5. What we’re seeing now in London is a growing recognition that cycling (and cycling safety) are fundamentally the responsibility of the state, not something for which individuals bear primary responsibility. This opens a lot of doors. We can start thinking seriously about a cycling system or service (as we do the Tube system and the bus service) and evaluating it. Who can access it? Who can’t? What level of service do we need? What proportion of children in each borough are able to access protected or extremely quiet (yet still adequately direct and socially safe) routes to school? We don’t have all the tools for this at the moment, as I argued in my earlier blogposts on cycling and transport modelling. One thing I’d personally like to see in London is a cohort study containing a range of people who are interested in trying cycling (i.e. the ‘Interested but Concerned’ in Roger Geller’s classification of potential cyclists). Participants could be, for example, recruited at the RideLondon festival (which will no doubt attract families keen to cycle on roads temporarily shut to motor traffic) and the study could track them over time, seeing if they try cycling, what they think about cycling conditions, why they stop and what makes them take it up again. I’d also like to see more of the existing data about cycling in London made available so that academics and advocates can chew over it, debate the details of the trends, and argue over what can be done.
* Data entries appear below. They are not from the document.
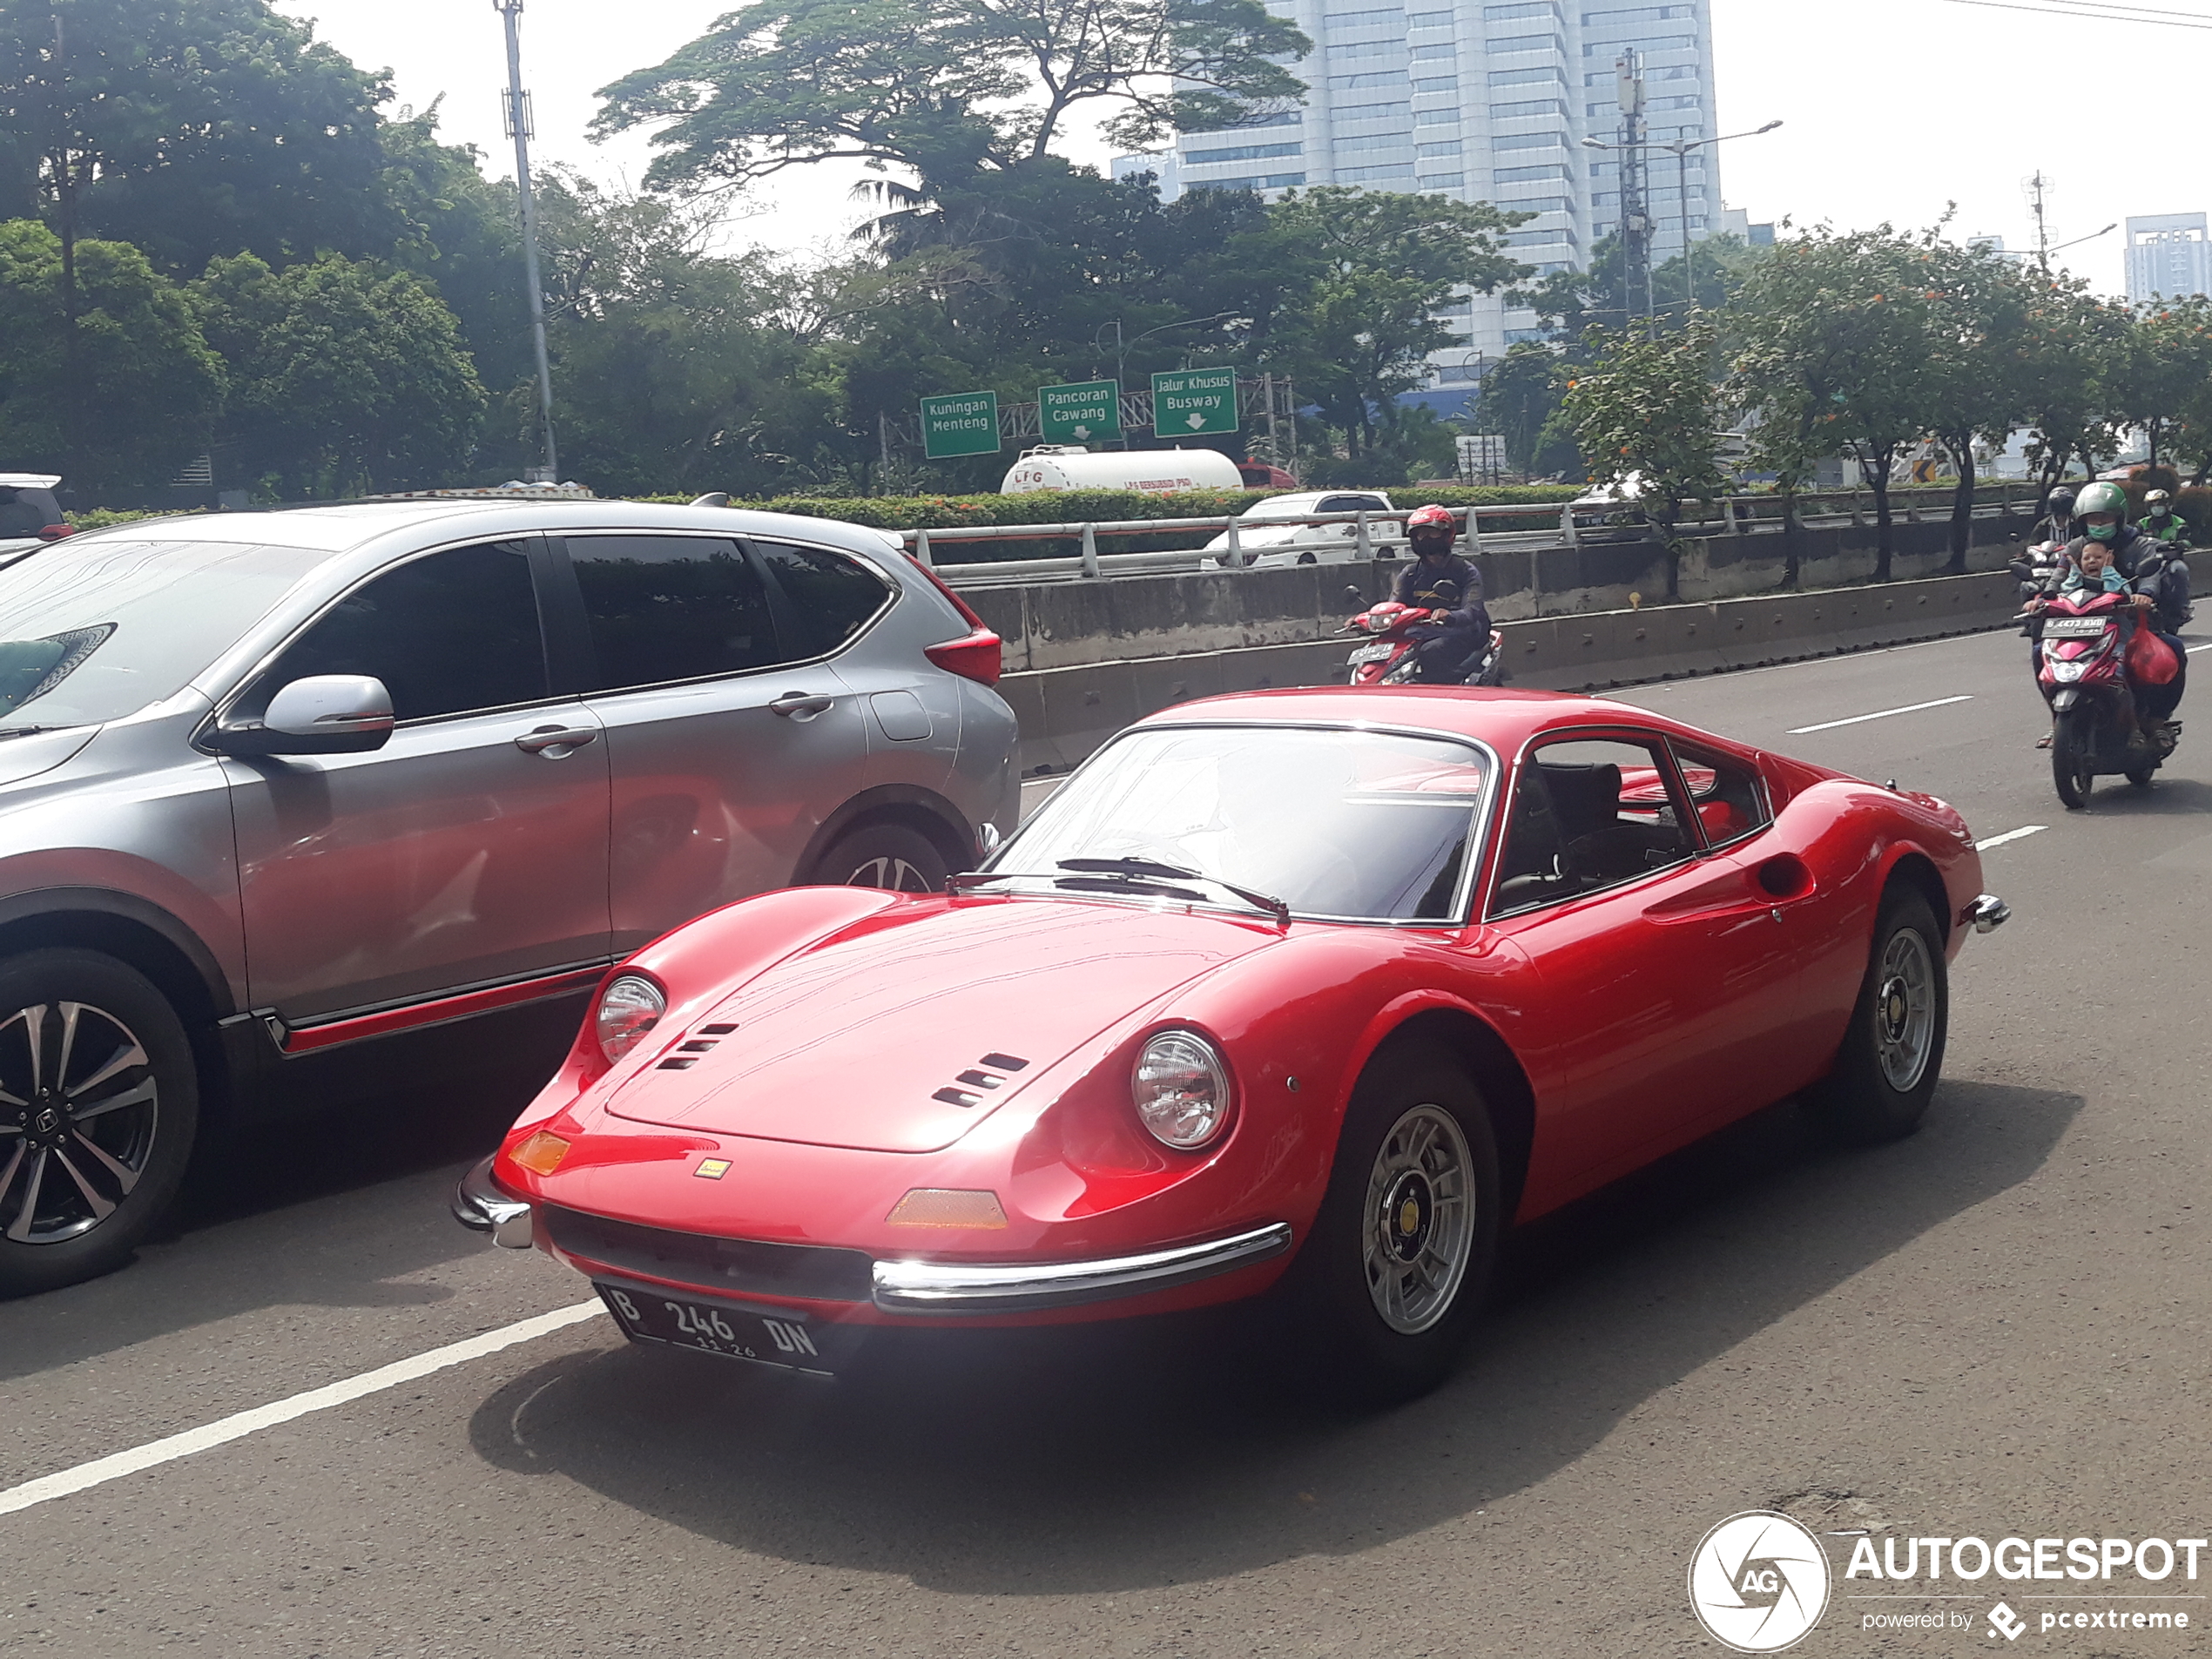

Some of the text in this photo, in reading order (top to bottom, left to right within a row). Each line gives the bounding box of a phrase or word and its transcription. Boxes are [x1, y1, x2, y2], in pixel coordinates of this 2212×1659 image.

[1157, 375, 1230, 393] Jalur Khusus
[1048, 390, 1109, 405] Pancoran
[1166, 395, 1222, 410] Busway
[929, 401, 988, 415] Kuningan
[1052, 407, 1106, 423] Cawang
[933, 417, 988, 433] Menteng
[610, 1289, 819, 1357] B 246 DN
6. What about the rest of the country? What difference will change in London make? I was chatting to a colleague who lives outside London yesterday, and I expressed my worry that even if London succeeds in its cycling revolution, it might be seen by those outside London as part of what makes London weird (like our generally very good public transport, and our strange tendency to get rid of our cars). (In the Cycling Cultures project, it struck me as amazing how quickly places can gain (and lose) reputations for having long-standing cycling cultures, which other places can never hope to emulate!) My colleague disagreed with my pessimism. He said that given London’s reputation as being a scary place to cycle (something I can personally corroborate: I’ve been told many times ‘You must be brave to cycle in London’, sometimes by people who regularly ride on rural roads with 60mph speed limits), if London cracks it, advocates in the rest of the country will be able to say ‘Look, even London can do it’.